Material provided.
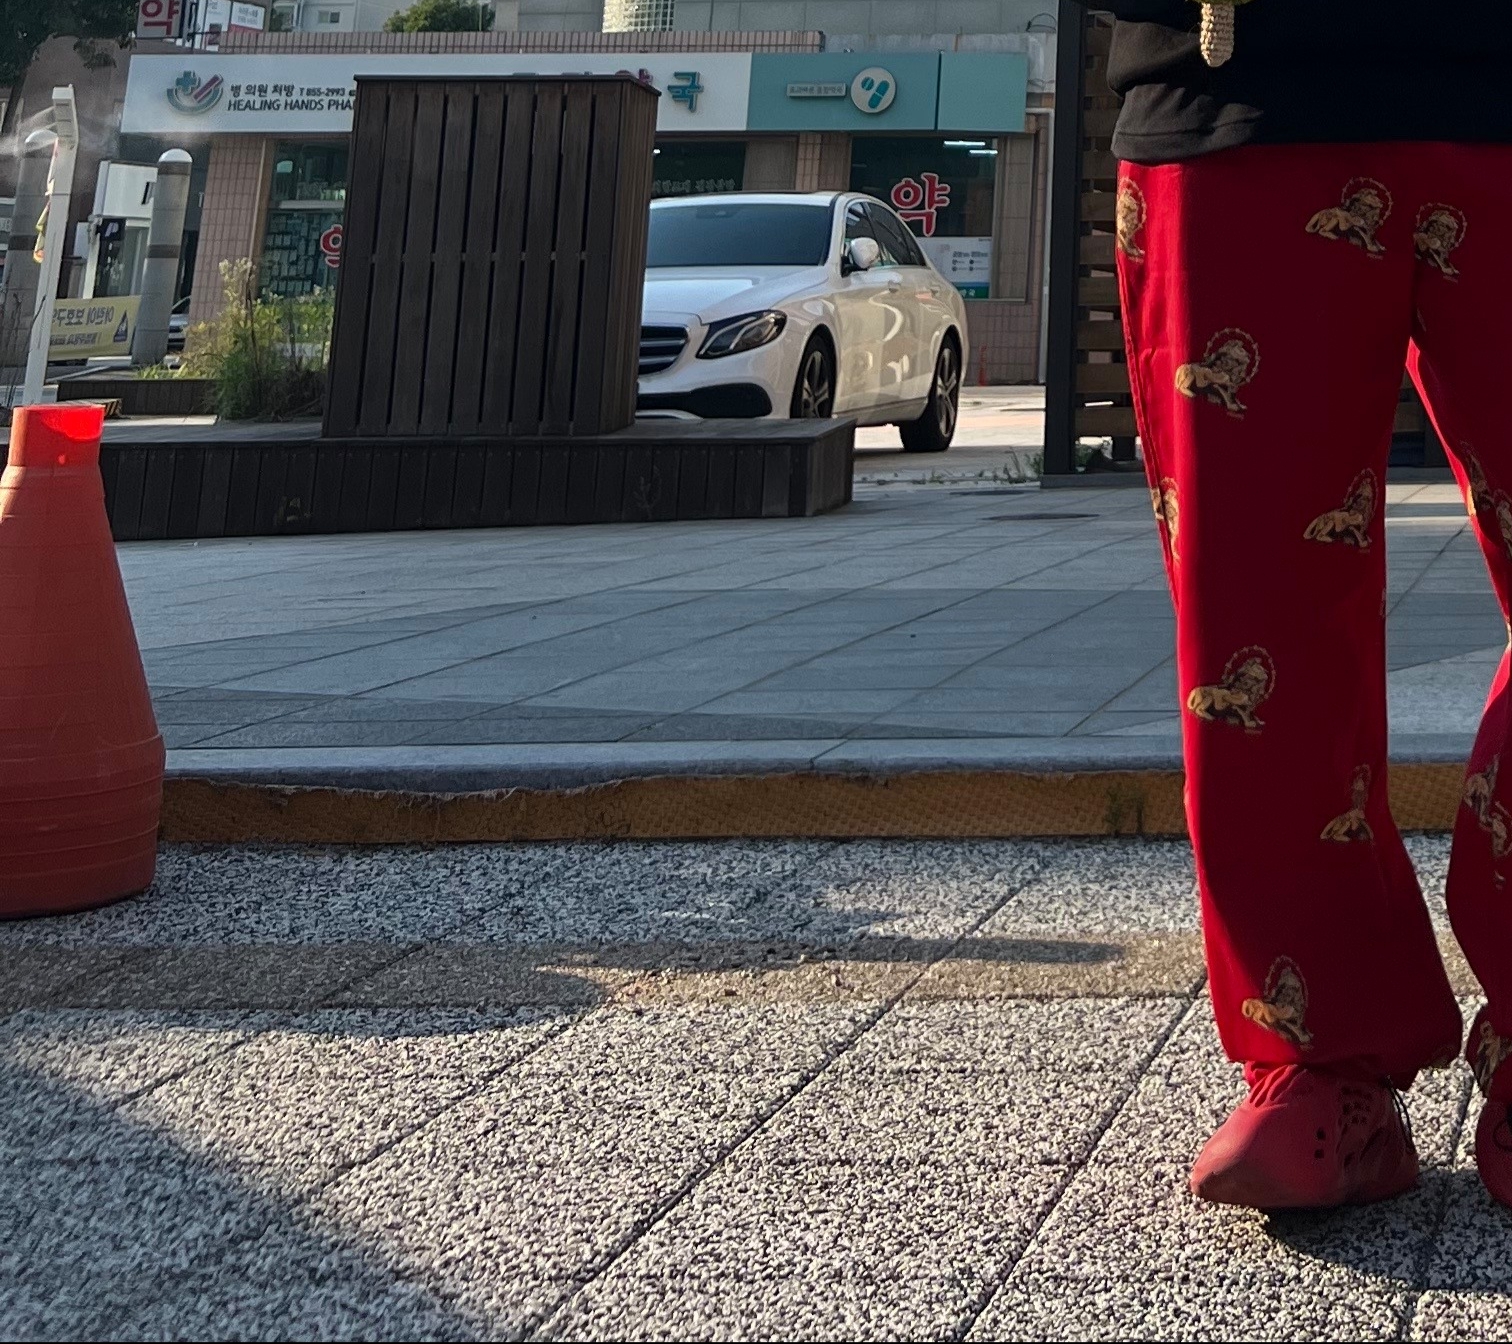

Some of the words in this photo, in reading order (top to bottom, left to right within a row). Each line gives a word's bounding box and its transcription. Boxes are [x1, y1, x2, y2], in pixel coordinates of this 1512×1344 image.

[227, 99, 281, 112] HEALING
[284, 99, 325, 111] HANDS
[327, 99, 355, 111] PHA
[890, 172, 951, 237] 약
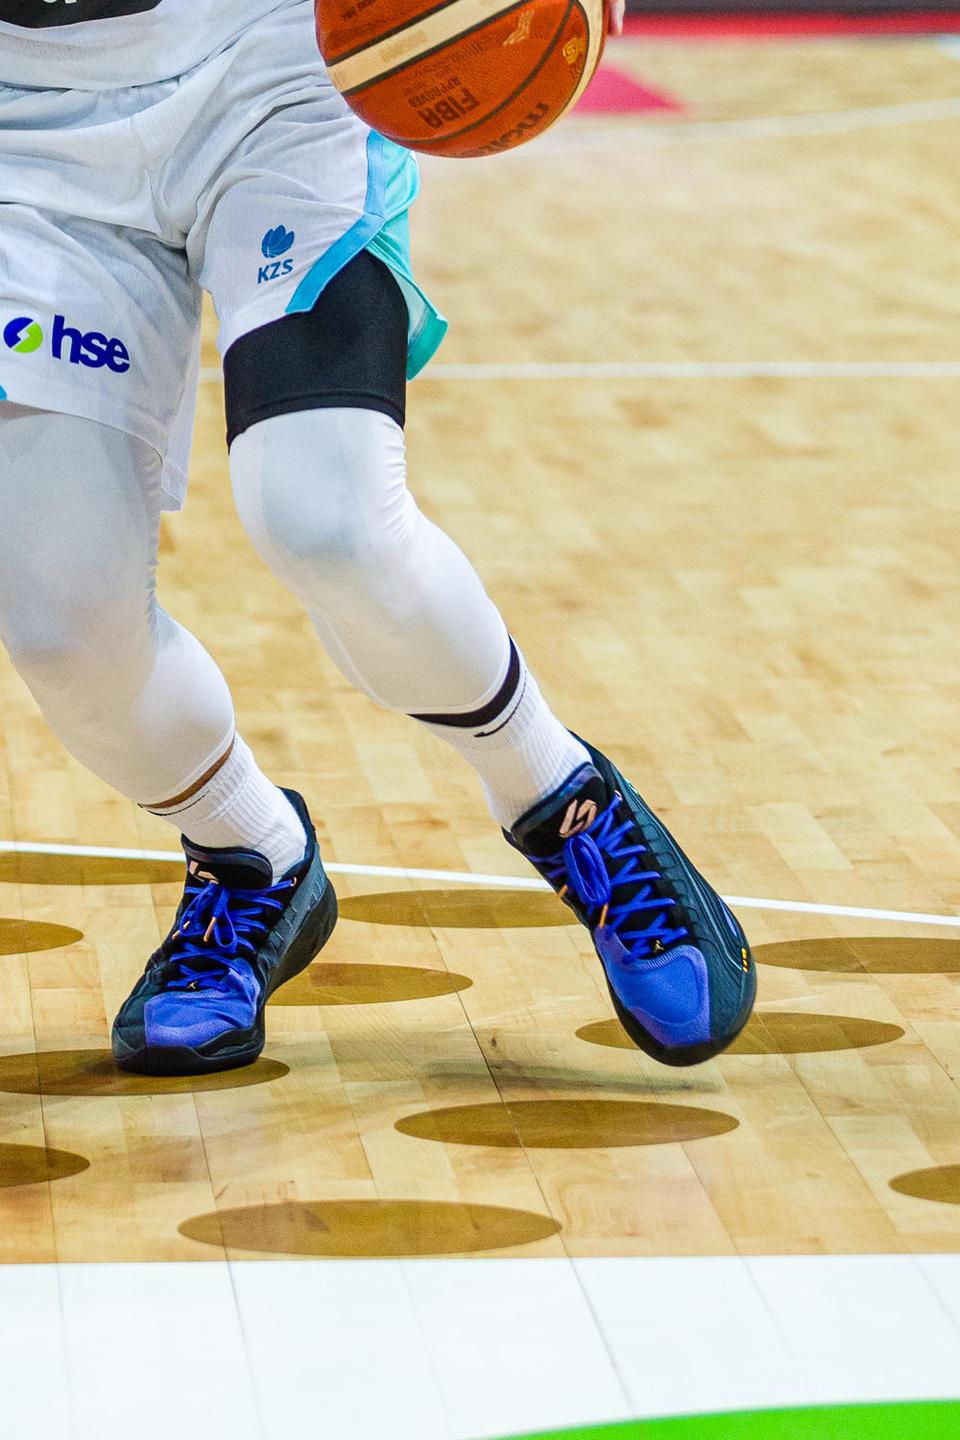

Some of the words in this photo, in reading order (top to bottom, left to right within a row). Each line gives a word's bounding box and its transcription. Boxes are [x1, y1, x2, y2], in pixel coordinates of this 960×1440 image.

[419, 88, 481, 129] FIBA
[257, 258, 294, 284] KZS
[51, 314, 131, 373] hse
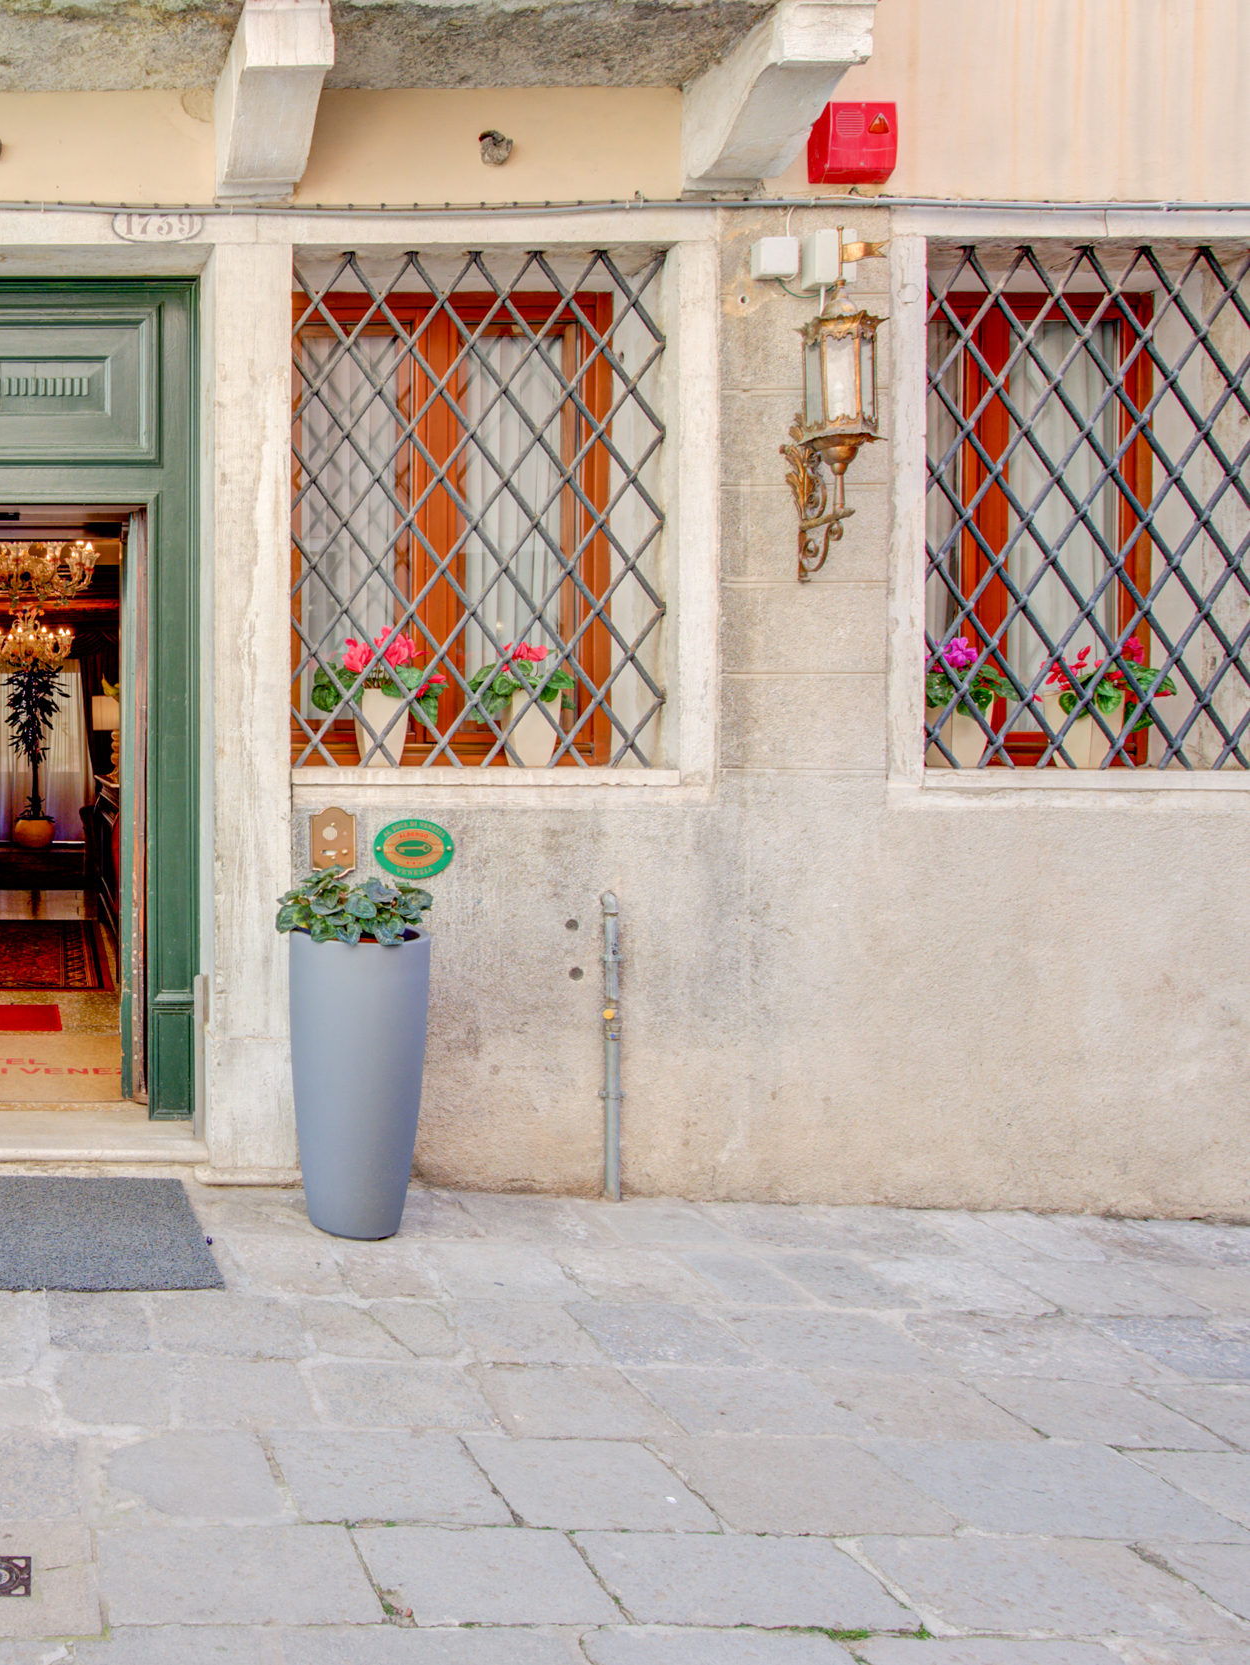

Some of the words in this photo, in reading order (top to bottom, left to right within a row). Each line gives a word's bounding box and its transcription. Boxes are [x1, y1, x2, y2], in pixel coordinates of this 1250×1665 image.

[125, 213, 195, 236] 1739
[383, 829, 392, 838] AL
[391, 822, 408, 831] DUCA
[420, 822, 446, 838] VENEZIA
[396, 867, 433, 876] VENEZIA
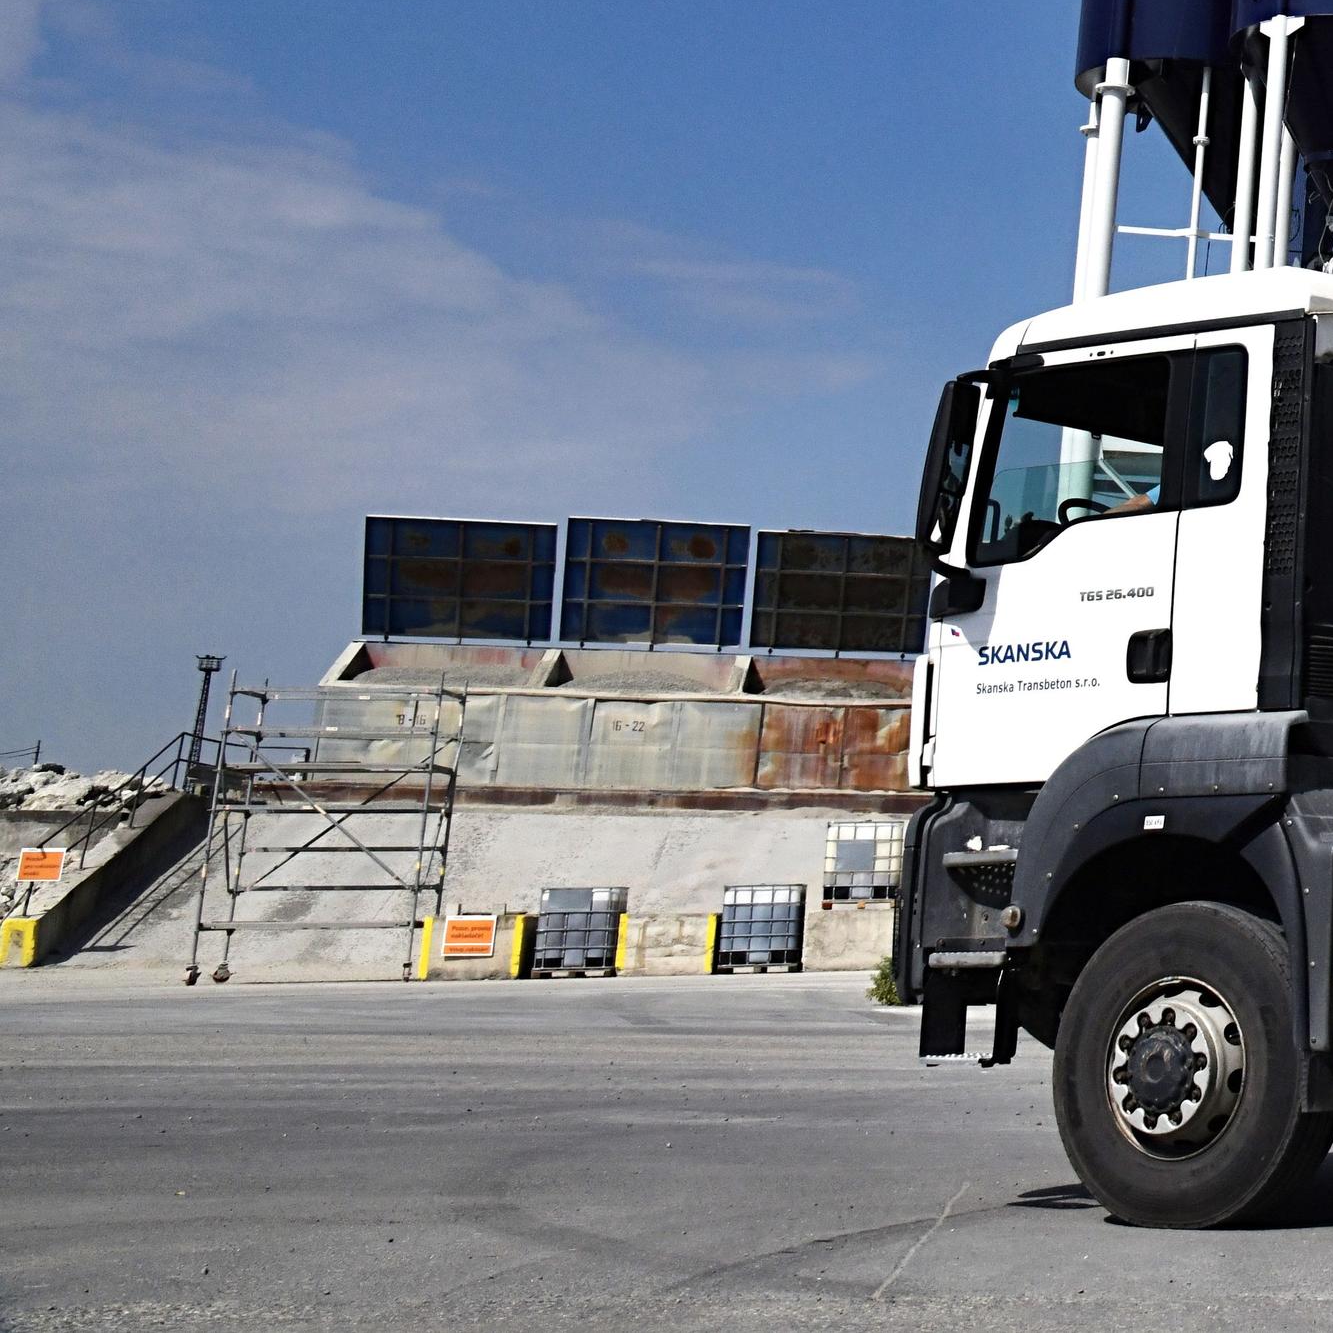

About this task. Would you return the material exactly, images excluded?

Task answer.
Some of the words in this photo, in reading order (top to bottom, left to right within a row). Each line gives a word's bounding box and its transcription. Boxes are [x1, y1, x2, y2], in pixel coordinates of this 1512×1344 image.

[227, 99, 281, 112] HEALING
[284, 99, 325, 111] HANDS
[327, 99, 355, 111] PHA
[890, 172, 951, 237] 약

Some of the words in this photo, in reading order (top to bottom, left to right within a row). Each line gives a word's bounding box and its transcription. Boxes are [x1, y1, x2, y2], in pixel coordinates of this 960×1440 image.

[419, 88, 481, 129] FIBA
[257, 258, 294, 284] KZS
[51, 314, 131, 373] hse

Some of the words in this photo, in reading order (top to bottom, left to right within a row). Each line gives a word's bounding box and its transcription. Boxes are [x1, y1, x2, y2], in pixel coordinates of this 1250×1665 image.

[125, 213, 195, 236] 1739
[383, 829, 392, 838] AL
[391, 822, 408, 831] DUCA
[420, 822, 446, 838] VENEZIA
[396, 867, 433, 876] VENEZIA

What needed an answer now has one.